- TASK TO COMPLETE -
For this exercise, write out every entry exactly and leave the pictures out.

- SOURCE INFORMATION -

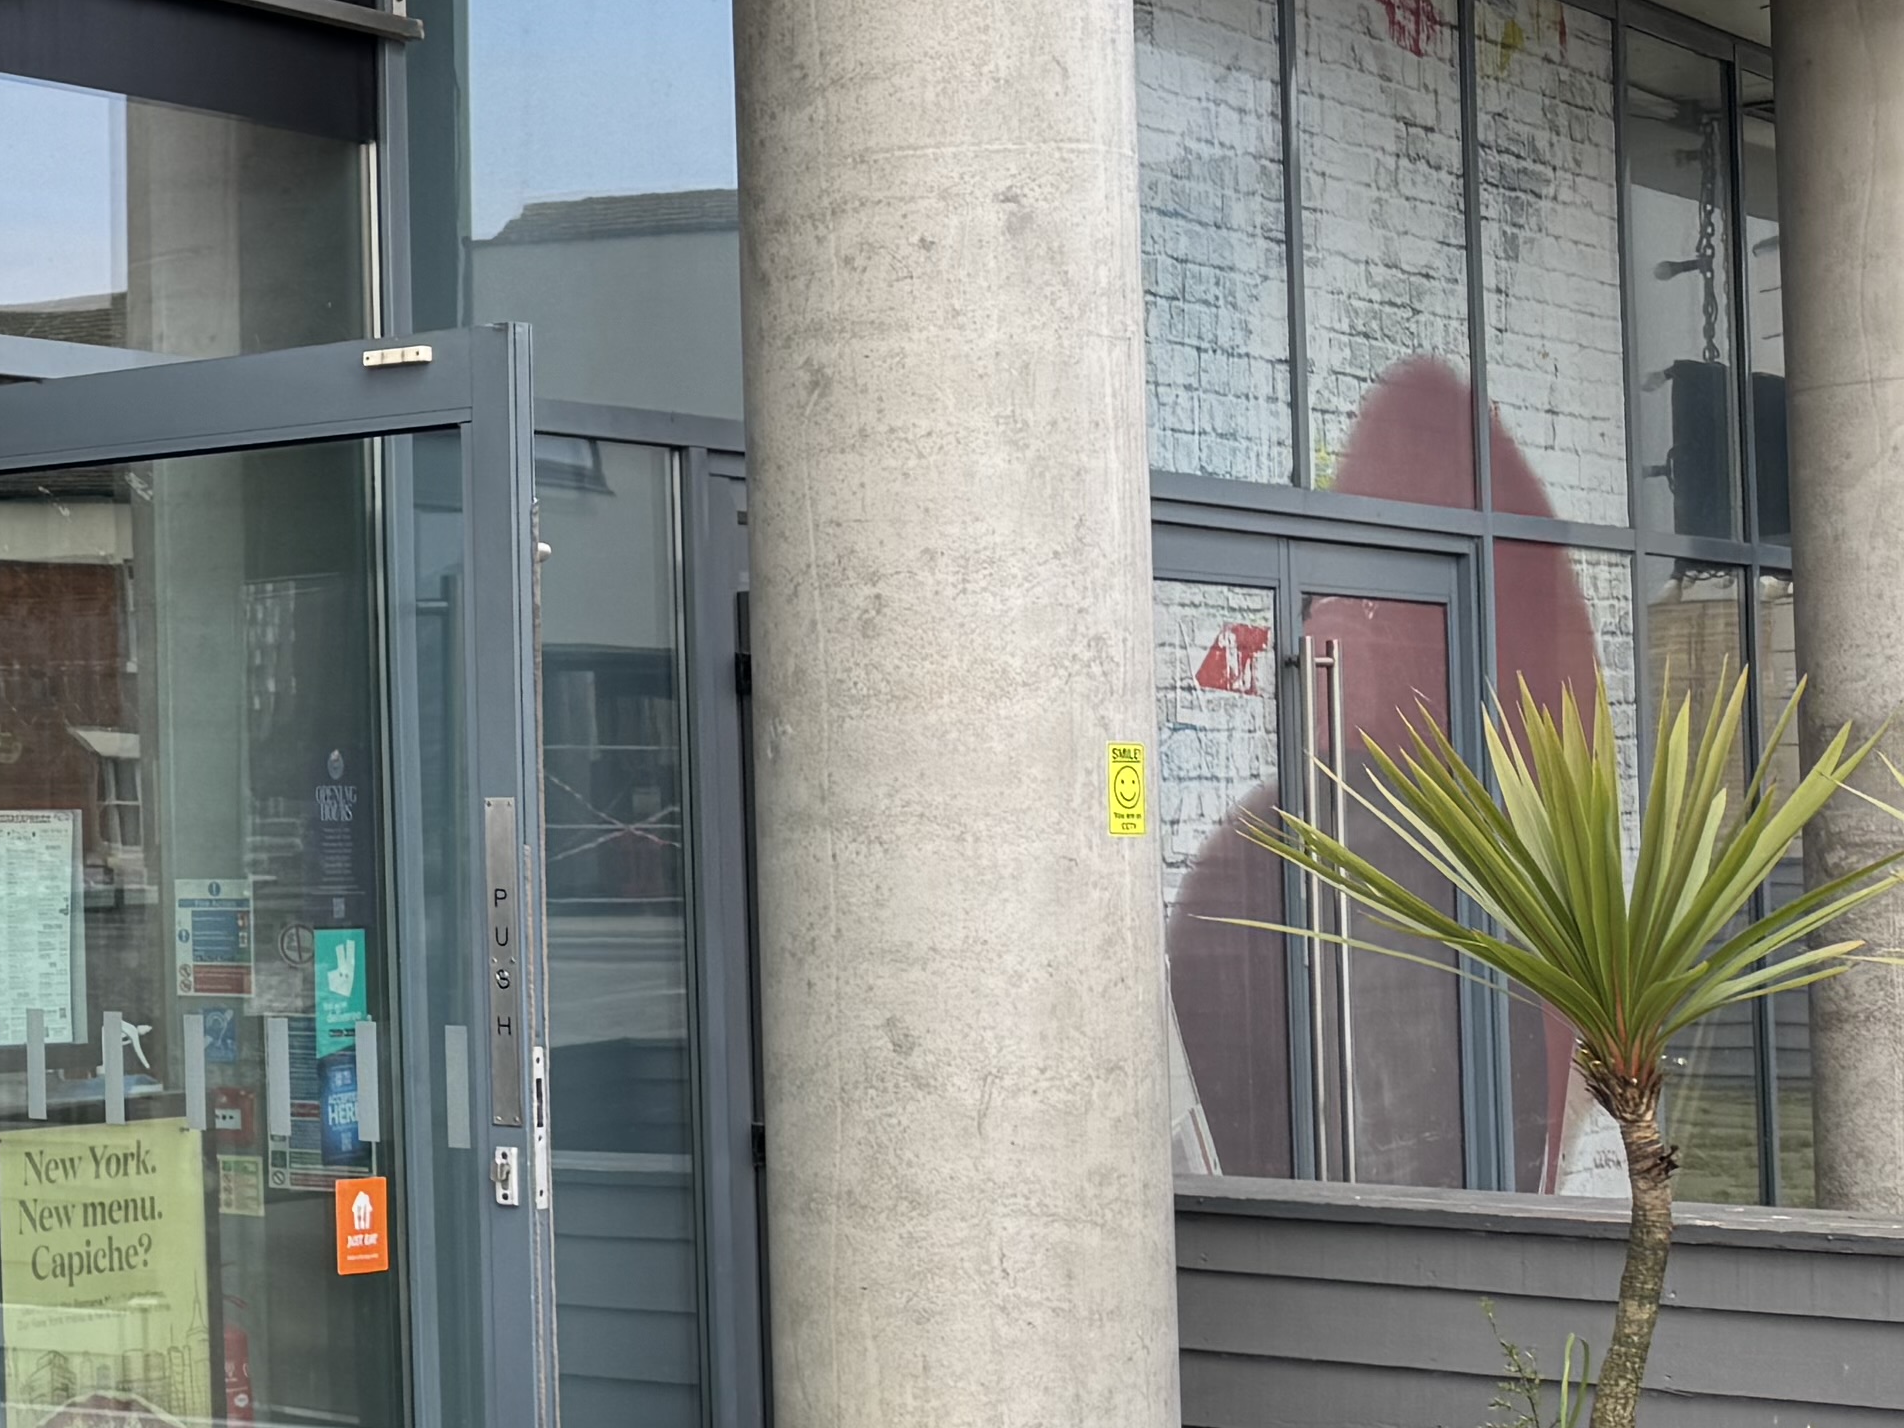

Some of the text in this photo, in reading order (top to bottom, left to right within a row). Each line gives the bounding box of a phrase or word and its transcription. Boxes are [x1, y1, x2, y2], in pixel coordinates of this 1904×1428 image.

[494, 888, 512, 1036] PUSH
[23, 1140, 157, 1186] New York.
[18, 1196, 163, 1235] New menu.
[31, 1232, 153, 1288] Capiche?
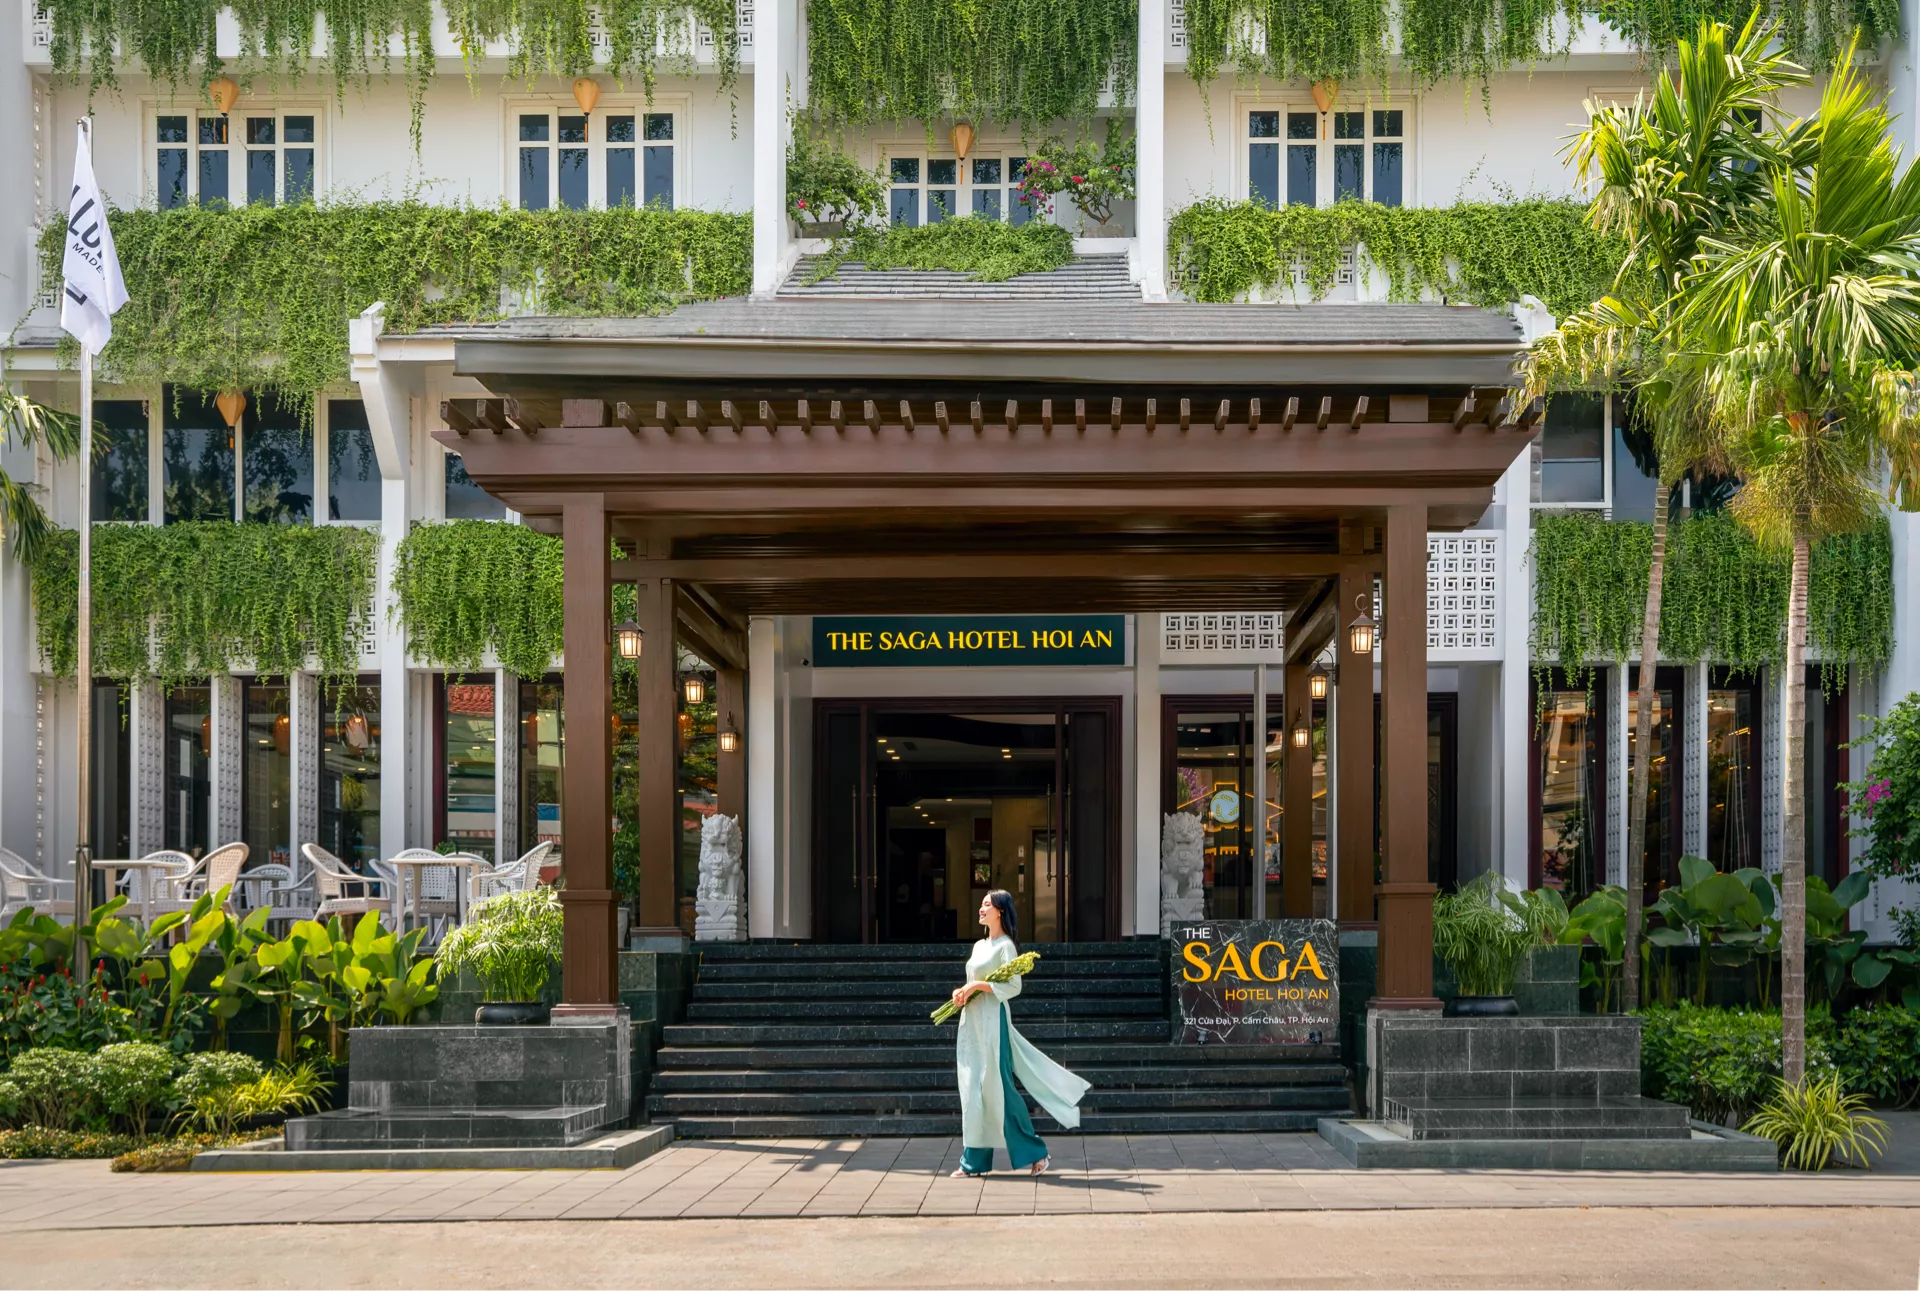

- WRITTEN RESPONSE -
Some of the text in this photo, in reading order (top to bottom, left to right within a row). Each line gives the bounding box of a phrase or word and its transcription. Boxes are [x1, y1, x2, y2], in pixel coordinates of this 1904×1428 image.

[494, 888, 512, 1036] PUSH
[23, 1140, 157, 1186] New York.
[18, 1196, 163, 1235] New menu.
[31, 1232, 153, 1288] Capiche?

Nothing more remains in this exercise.